Sensitive and Specific: A New Way of Probing Electrolyte/Electrode Interfaces

Berkeley Lab researchers' novel diffraction spectroscopy technique will provide insight to chemical processes at important battery interface. One of the most important things to understand in battery technology is the precise physical and chemical processes that occur at the electrode/electrolyte interface. However, microscopic understanding of these processes is quite limited due to a lack of suitable probing techniques. Now, researchers at the US Department of Energy's (DOE) Lawrence Berkeley National Laboratory (Berkeley Lab) and the University of California, Berkeley, have developed a new technique that enables sensitive and specific detection of molecules at the electrode/electrolyte interface.
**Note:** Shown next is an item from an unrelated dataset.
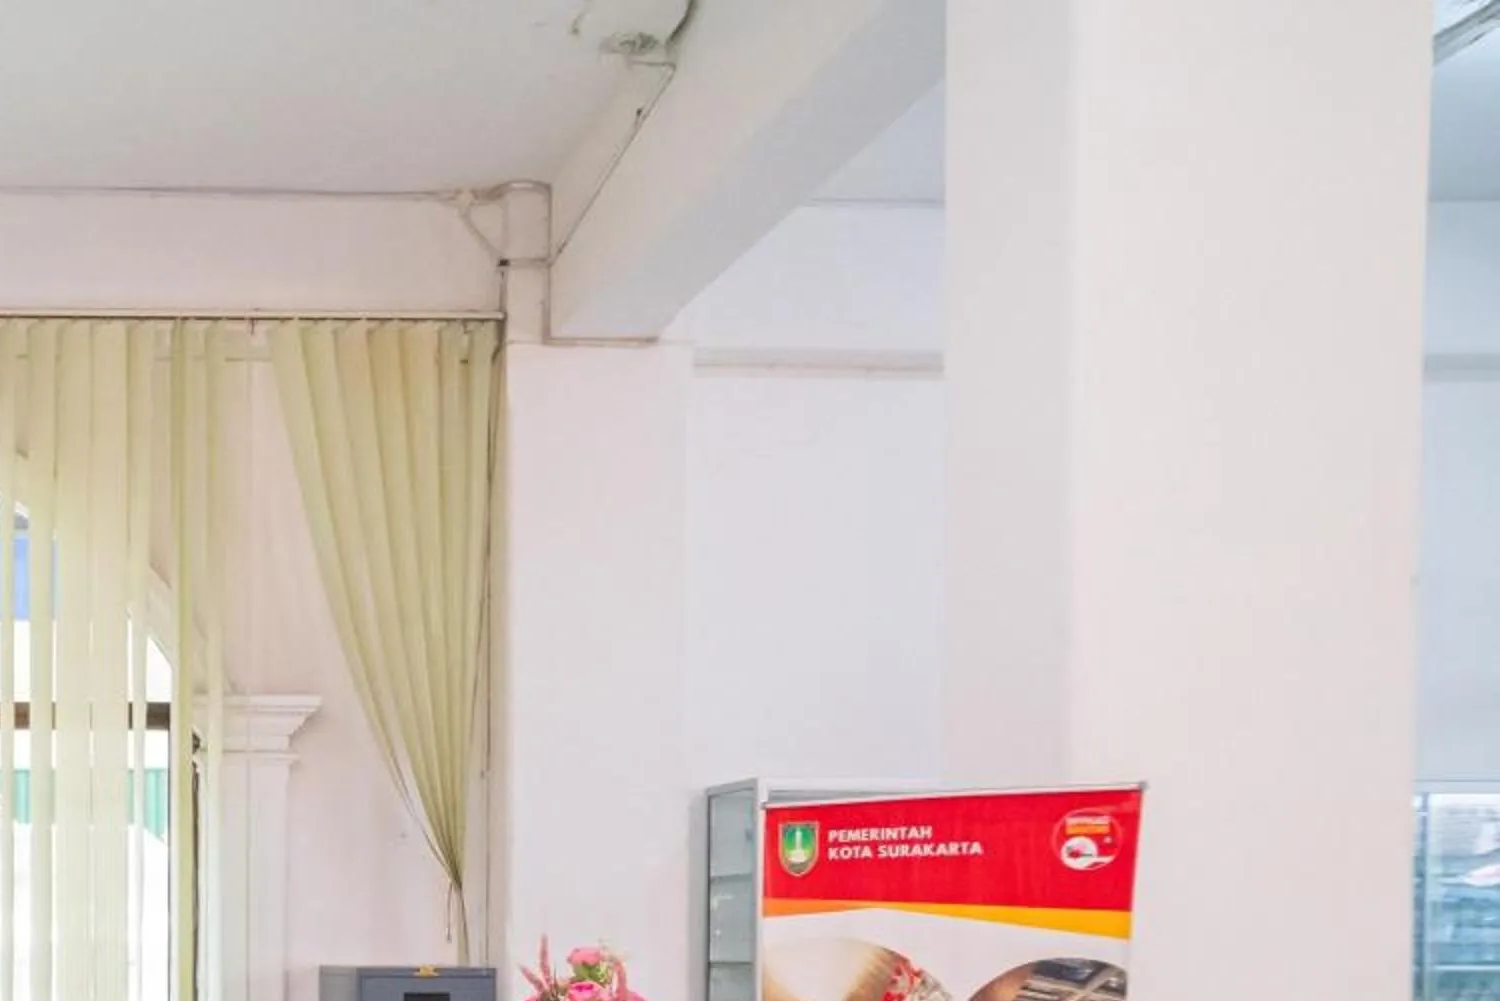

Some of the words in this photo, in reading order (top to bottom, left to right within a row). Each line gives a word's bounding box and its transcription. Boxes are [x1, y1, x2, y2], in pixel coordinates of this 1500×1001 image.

This new method uses diffraction from graphene gratings to overcome key difficulties associated with traditional optical spectroscopy that employs infrared probing of buried interfaces. "Most of the electrical chemical reaction in a battery happens at the electrolyte/electrode interface, and it is important to know how tuning the electrode voltage induces field-dependent chemical processes. This requires distinction between microscopic molecule behavior at the interface, such as physical absorption, and electrochemical reaction from the bulky electrolyte solution," says Feng Wang, a physicist at Berkeley Lab's Materials Sciences Division and a member of the Kavli Energy NanoSciences Institute at Berkeley, who led this work.